[To do] Exactly as written, return all the data, leaving its pictures behind.

(Beginning of Material for the task)

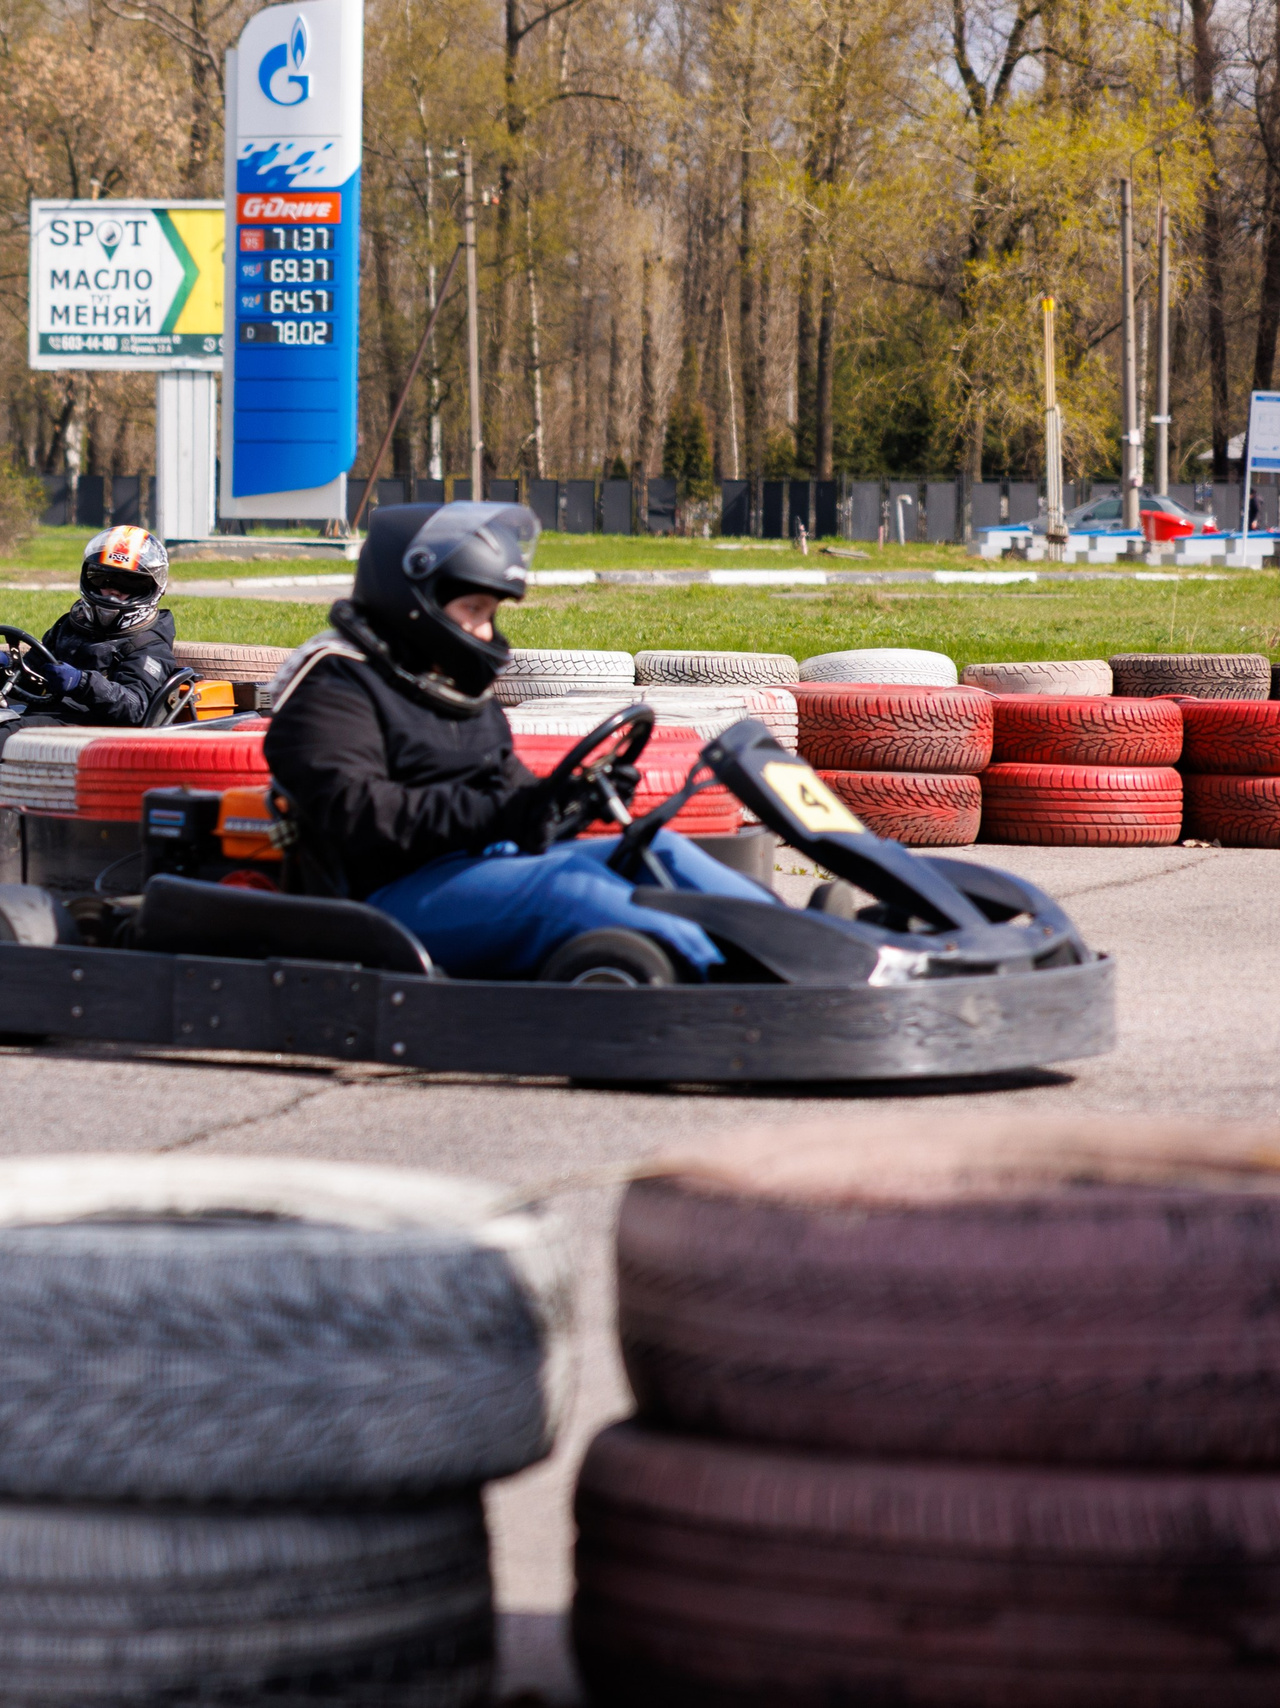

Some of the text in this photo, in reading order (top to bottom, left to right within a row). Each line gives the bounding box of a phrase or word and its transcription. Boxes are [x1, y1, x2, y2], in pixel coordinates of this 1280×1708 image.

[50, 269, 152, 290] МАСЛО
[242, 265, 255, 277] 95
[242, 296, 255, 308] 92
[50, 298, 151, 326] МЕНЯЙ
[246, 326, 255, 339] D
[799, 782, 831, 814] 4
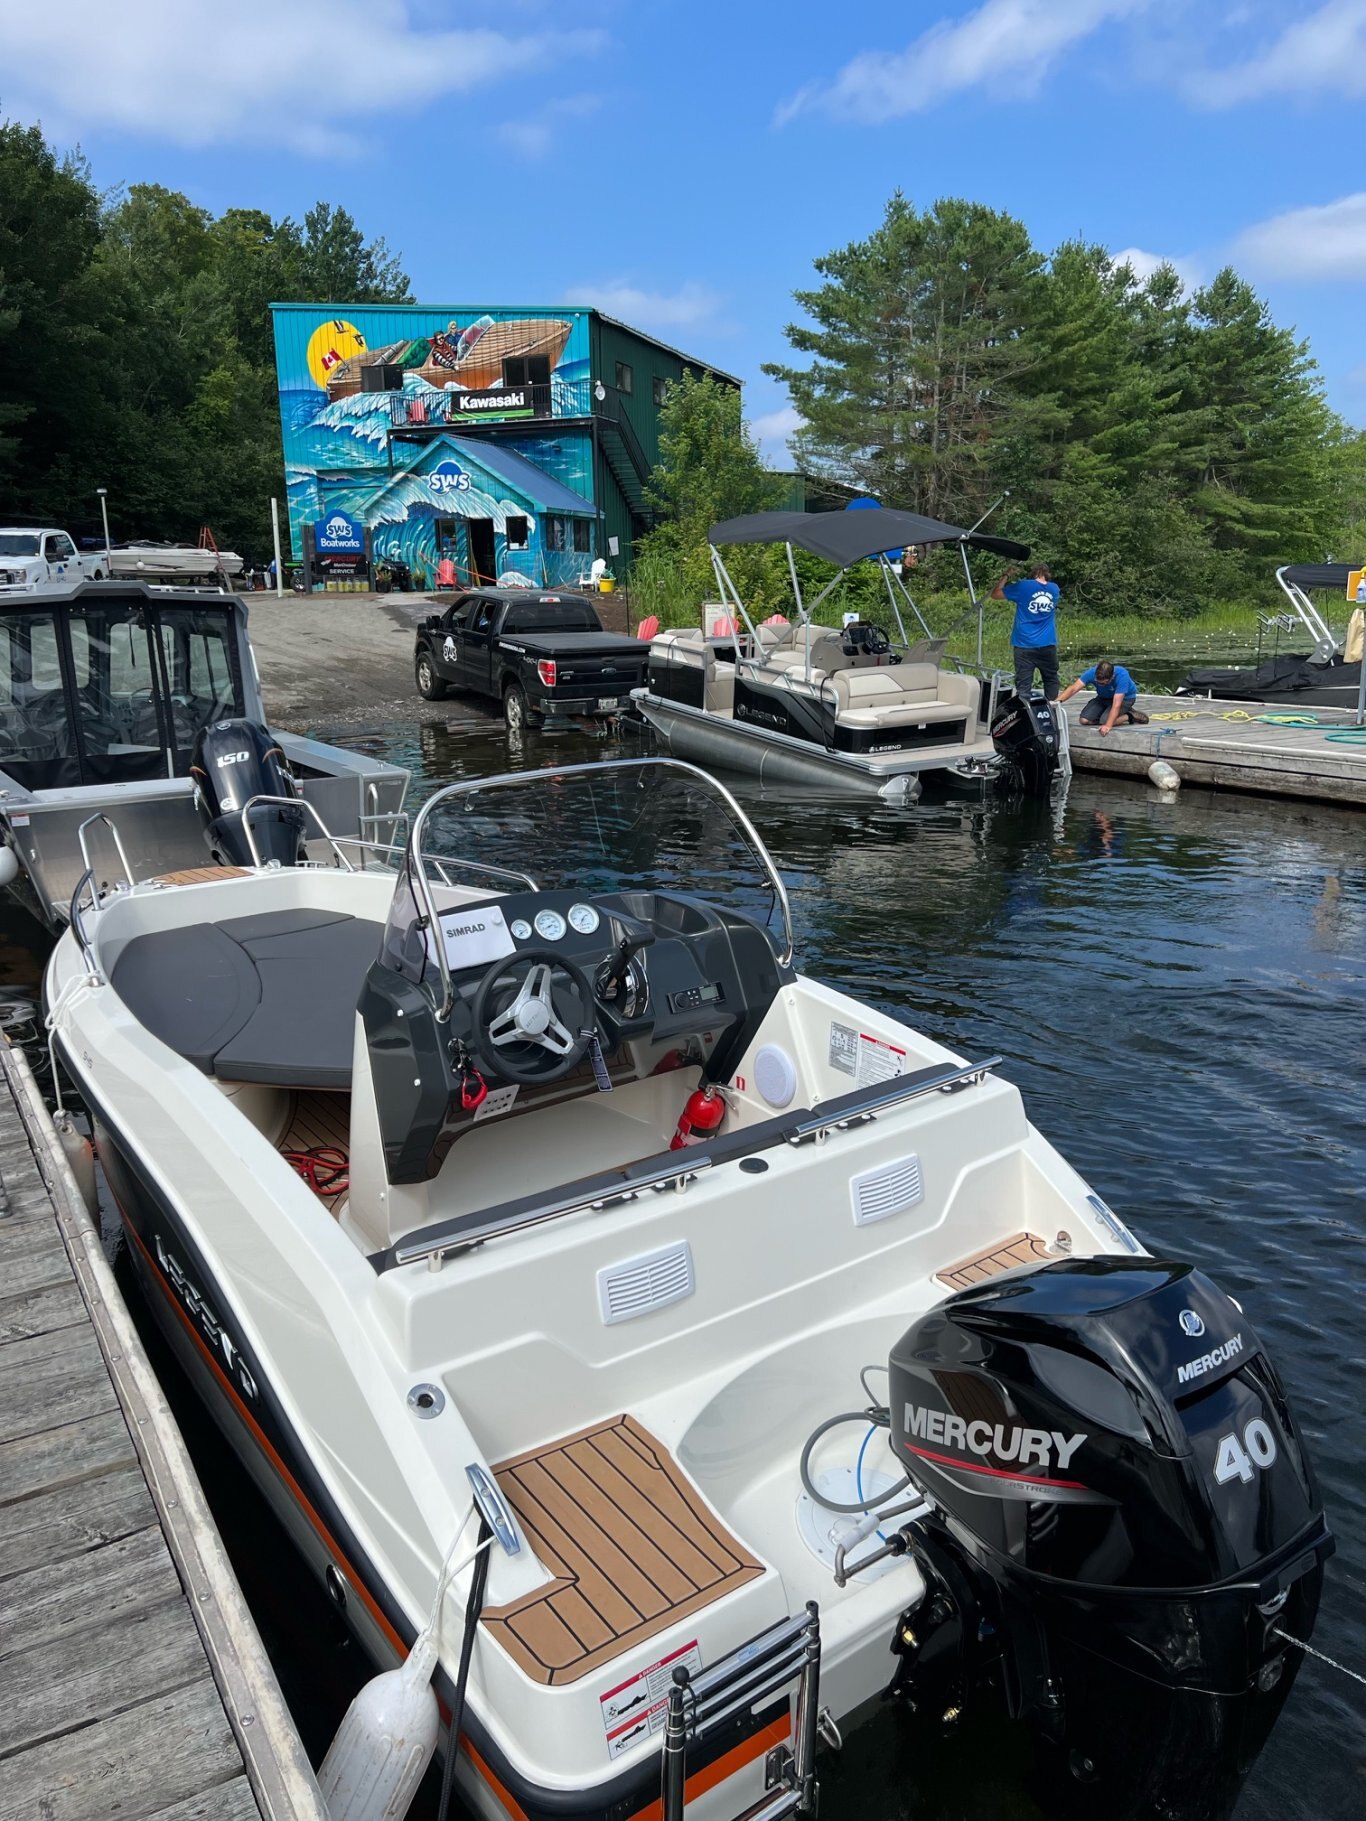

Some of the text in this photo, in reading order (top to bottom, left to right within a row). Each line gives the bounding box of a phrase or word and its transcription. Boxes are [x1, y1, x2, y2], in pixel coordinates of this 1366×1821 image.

(End of Material for the task)

[Output of the exercise]
Some of the text in this photo, in reading order (top to bottom, left to right within a row). Each line gives the bounding box of a phrase or word and its transcription. Boxes are [x1, y1, x2, y2], in pixel coordinates of this 1280×1708 image.

[50, 269, 152, 290] МАСЛО
[242, 265, 255, 277] 95
[242, 296, 255, 308] 92
[50, 298, 151, 326] МЕНЯЙ
[246, 326, 255, 339] D
[799, 782, 831, 814] 4

Some of the text in this photo, in reading order (top to bottom, left to right within a row). Each line gives the bounding box of a phrase or word and its transcription. Boxes are [x1, y1, x2, y2], in pixel coordinates of this 1366×1821 image.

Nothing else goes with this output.